CONDUZINDO MISS DAISY (1989)

(Driving Miss Daisy)

 

Videoteca do Beto #60

Vencedores do Oscar #1989

Dirigido por Bruce Beresford.

Elenco: Morgan Freeman, Jessica Tandy, Dan Aykroyd, Patti LuPone, Esther Rolle, Jo Ann Havrilla, William Hall Jr., Alvin M. Sugarman, Clarice F. Geigerman, Muriel Moore, Sylvia Kahler e Crystal R. Fox.

Roteiro: Alfred Uhry, baseado em peça teatral de Alfred Uhry.

Produção: Lili Fini Zanuck e Richard D. Zanuck.

[Antes de qualquer coisa, gostaria de pedir que só leia esta crítica se já tiver assistido o filme. Para fazer uma análise mais detalhada é necessário citar cenas importantes da trama].

De forma simples e eficiente, o diretor Bruce Beresford nos traz esta tocante estória sobre uma senhora judia que hesita em aceitar seu novo motorista negro após sofrer um leve acidente com seu novo carro. A trajetória de aceitação, quebra de preconceitos e aproximação de duas pessoas solitárias, e acima de tudo, o olhar humano, despido de preconceito racial ou religioso (ele é negro, ela judia), torna este “Conduzindo Miss Daisy” um lindo filme sobre o valor do caráter humano e da verdadeira amizade.

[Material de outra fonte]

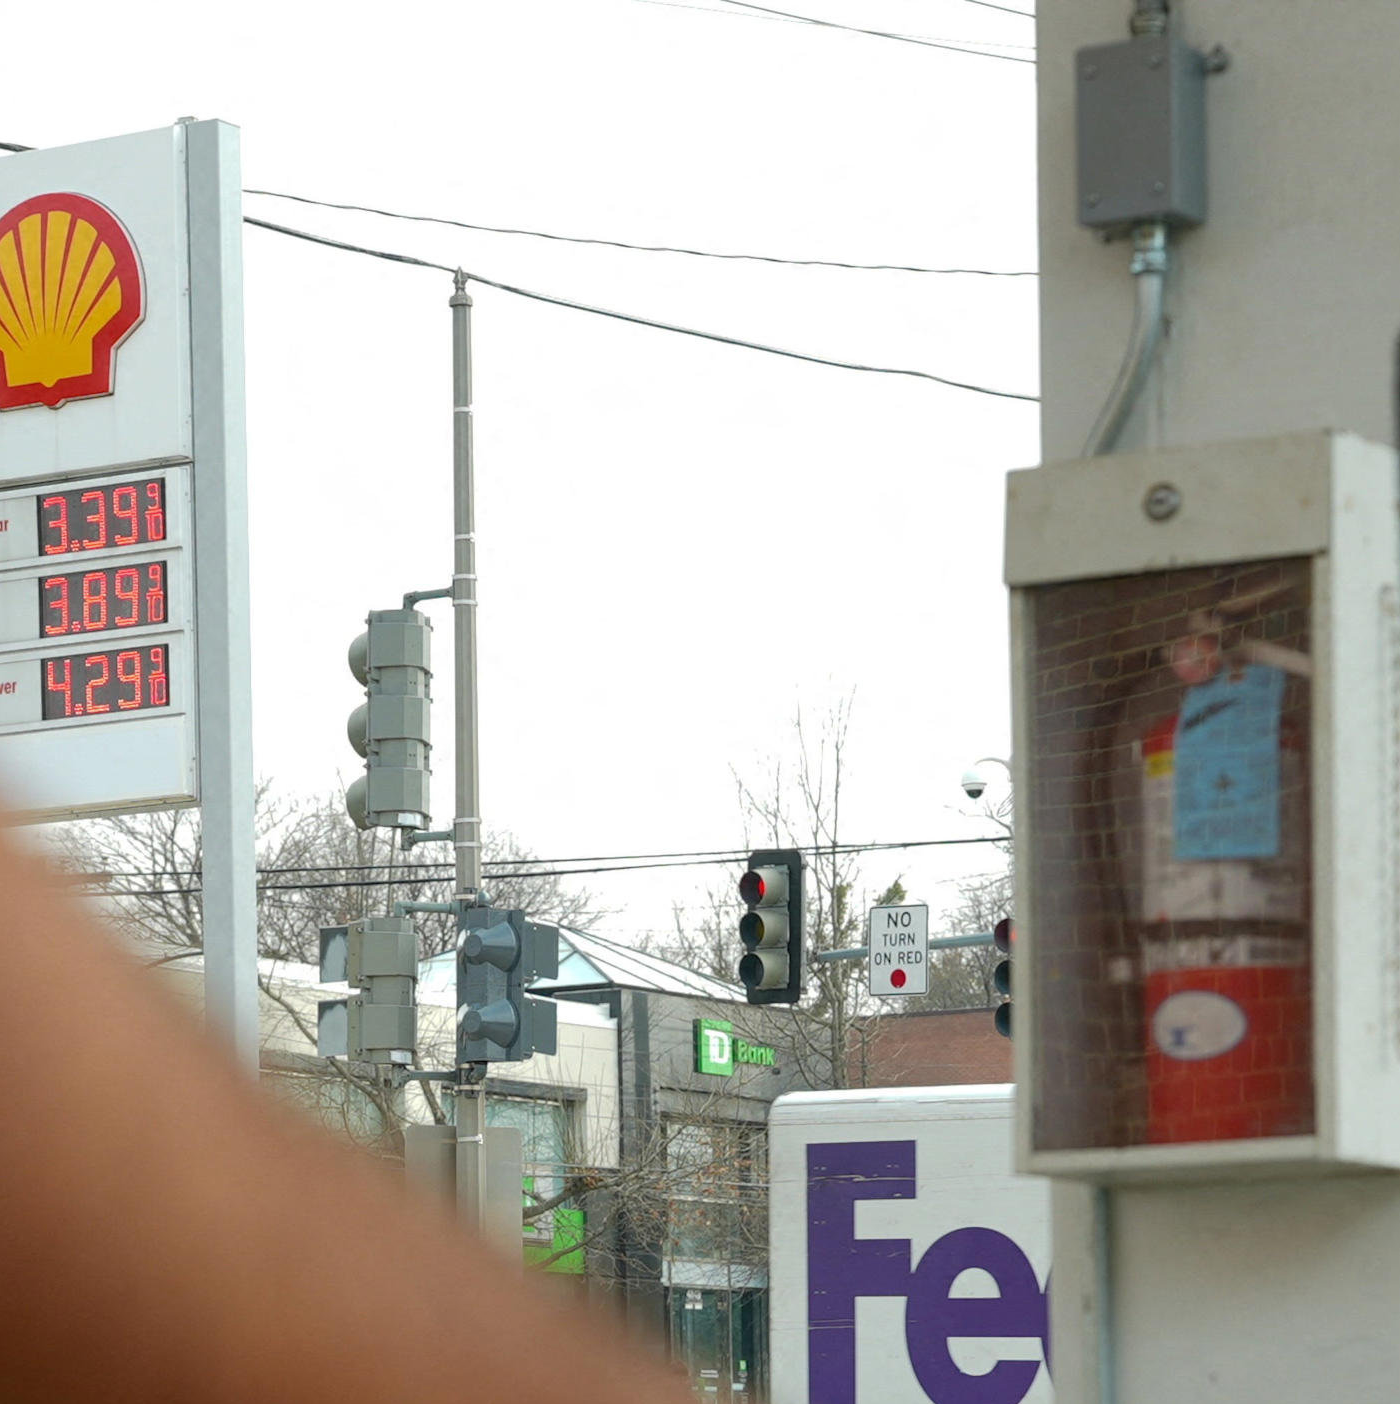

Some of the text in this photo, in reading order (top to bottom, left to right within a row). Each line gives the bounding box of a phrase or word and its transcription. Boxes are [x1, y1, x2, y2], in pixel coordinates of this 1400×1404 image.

[43, 486, 137, 555] 3.39
[45, 568, 140, 635] 3.89
[47, 651, 142, 716] 4.29
[887, 911, 911, 929] NO
[882, 932, 916, 947] TURN
[874, 951, 923, 967] ON RED
[704, 1029, 776, 1067] TD Bank

Uma rica judia de 72 anos de idade (Jessica Tandy) acidentalmente joga seu carro novo no jardim do vizinho. Seu filho Boolie (Dan Aykroyd) tenta convencê-la de que ela precisa de um motorista, mas ela resiste à idéia. Mesmo assim, seu filho contrata o motorista Hoke (Morgan Freeman), provocando a imediata recusa de sua mãe. Mas gradativamente ela quebra a barreira da diferença cultural e racial existente entre eles, aceita suas próprias limitações e permite nascer e crescer um sentimento puro e sincero de amizade que durará décadas.

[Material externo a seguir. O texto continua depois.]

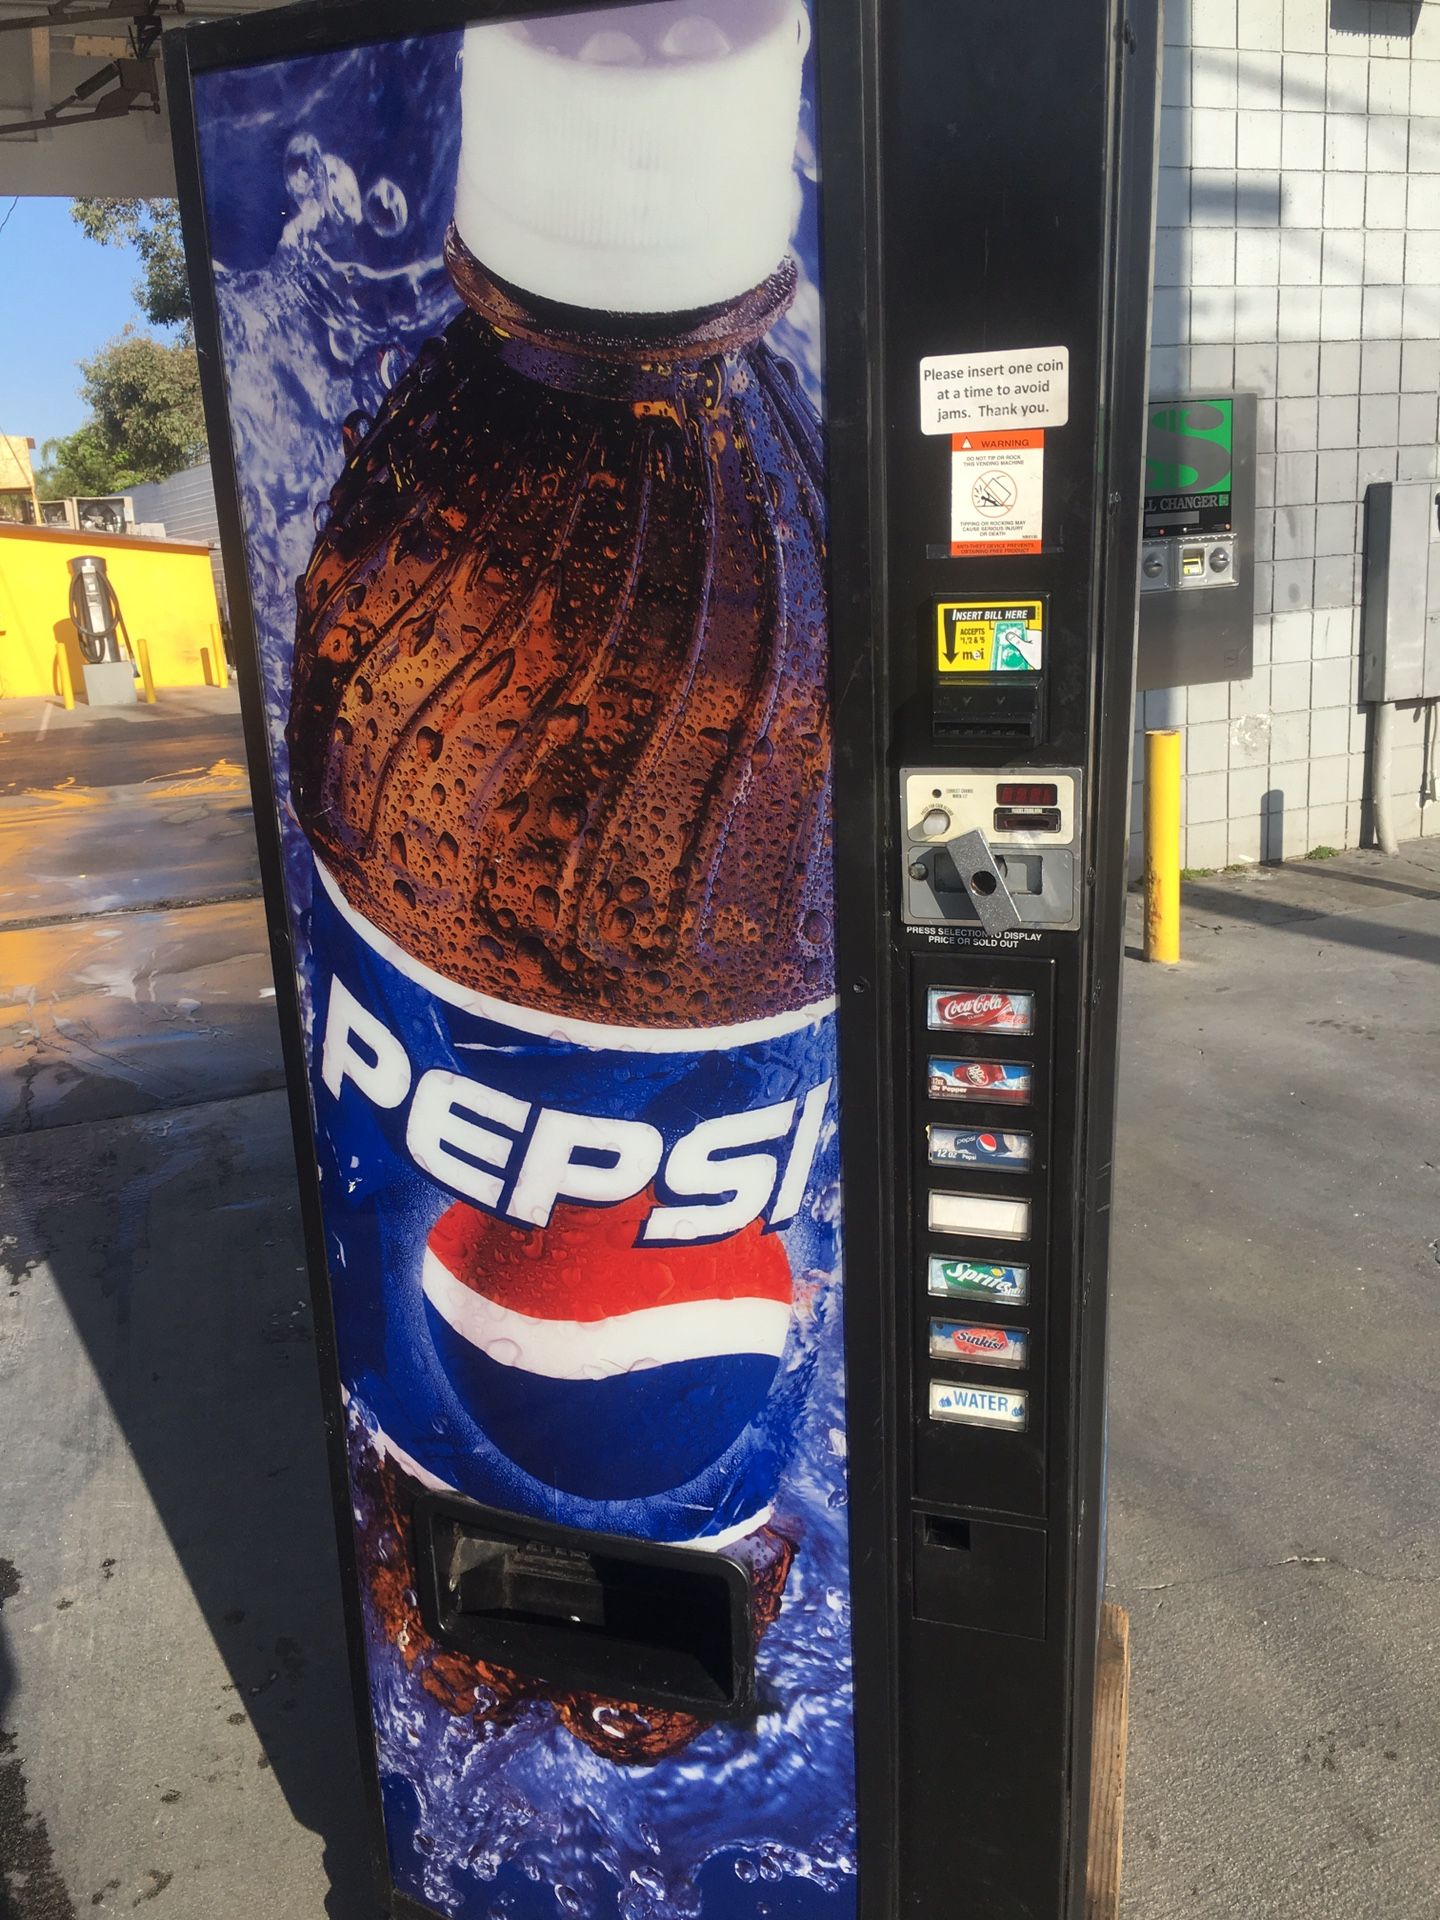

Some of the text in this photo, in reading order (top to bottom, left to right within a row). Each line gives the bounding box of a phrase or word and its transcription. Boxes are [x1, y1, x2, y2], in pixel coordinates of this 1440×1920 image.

[924, 360, 1064, 380] Please insert one coin
[937, 380, 1050, 400] at a time to avoid
[937, 403, 1049, 422] jams. Thank you.
[982, 439, 1030, 448] WARNING
[1160, 495, 1218, 510] CHANGER
[952, 609, 984, 620] INSERT
[984, 610, 1004, 620] BILL
[1004, 610, 1028, 619] HERE
[962, 648, 984, 660] mei
[906, 926, 936, 935] PRESS
[938, 927, 988, 938] SELECTION
[1004, 932, 1042, 941] DISPLAY
[928, 936, 954, 944] PRICE
[973, 938, 998, 947] SOLD
[1001, 940, 1019, 948] OUT
[321, 972, 833, 1240] PEPSI
[956, 1136, 976, 1145] pepsi
[937, 1149, 946, 1158] 12
[946, 1262, 1012, 1291] Sprite
[958, 1332, 1004, 1350] Sunkist
[953, 1390, 1008, 1412] WATER

Embalado pela leve e descontraída trilha sonora do sempre ótimo Hans Zimmer, o diretor Bruce Beresford conduz este singelo “Conduzindo Miss Daisy” com enorme segurança, permitindo que os ótimos desempenhos de todo o elenco sejam a principal atração do longa. Ainda assim, a parte técnica merece destaque, a começar pelo excelente trabalho de direção de arte de Victor Kempster que, auxiliado pelos figurinos de Elizabeth McBride, cria um visual coerente com a época da narrativa, notável através do interior das casas, dos carros e da própria maneira de se vestir dos personagens. Vale observar também como a fotografia discreta e sem muita vida de Peter James reflete a personalidade de Miss Daisy, que detesta chamar a atenção, como ela mesma deixa claro ao reclamar quando Hoke para o carro na porta da igreja. Por outro lado, James explora muito bem a beleza dos jardins e ruas arborizadas da cidade, criando um interessante contraste visual. Já a maquiagem da dupla Manlio Rocchetti e Kevin Haney é simplesmente espetacular, refletindo com precisão o envelhecimento dos personagens, notável principalmente no terceiro ato do longa. E finalmente, a montagem de Mark Warner flui muito bem, cobrindo muitos anos da vida dos personagens sem jamais soar cansativa ou episódica, além de fazer a transição do tempo de forma elegante em muitos momentos, por exemplo, através do crescimento das flores no jardim. O diretor Beresford também é competente na criação de planos interessantes, como aquele em que podemos ver o reflexo de Hoke no belíssimo Hudson que ele vai dirigir por muitos anos ou na magnífica composição visual da viagem feita por Miss Daisy e seu motorista, além é claro da elegante câmera lenta que indica a morte de Idella (Esther Rolle).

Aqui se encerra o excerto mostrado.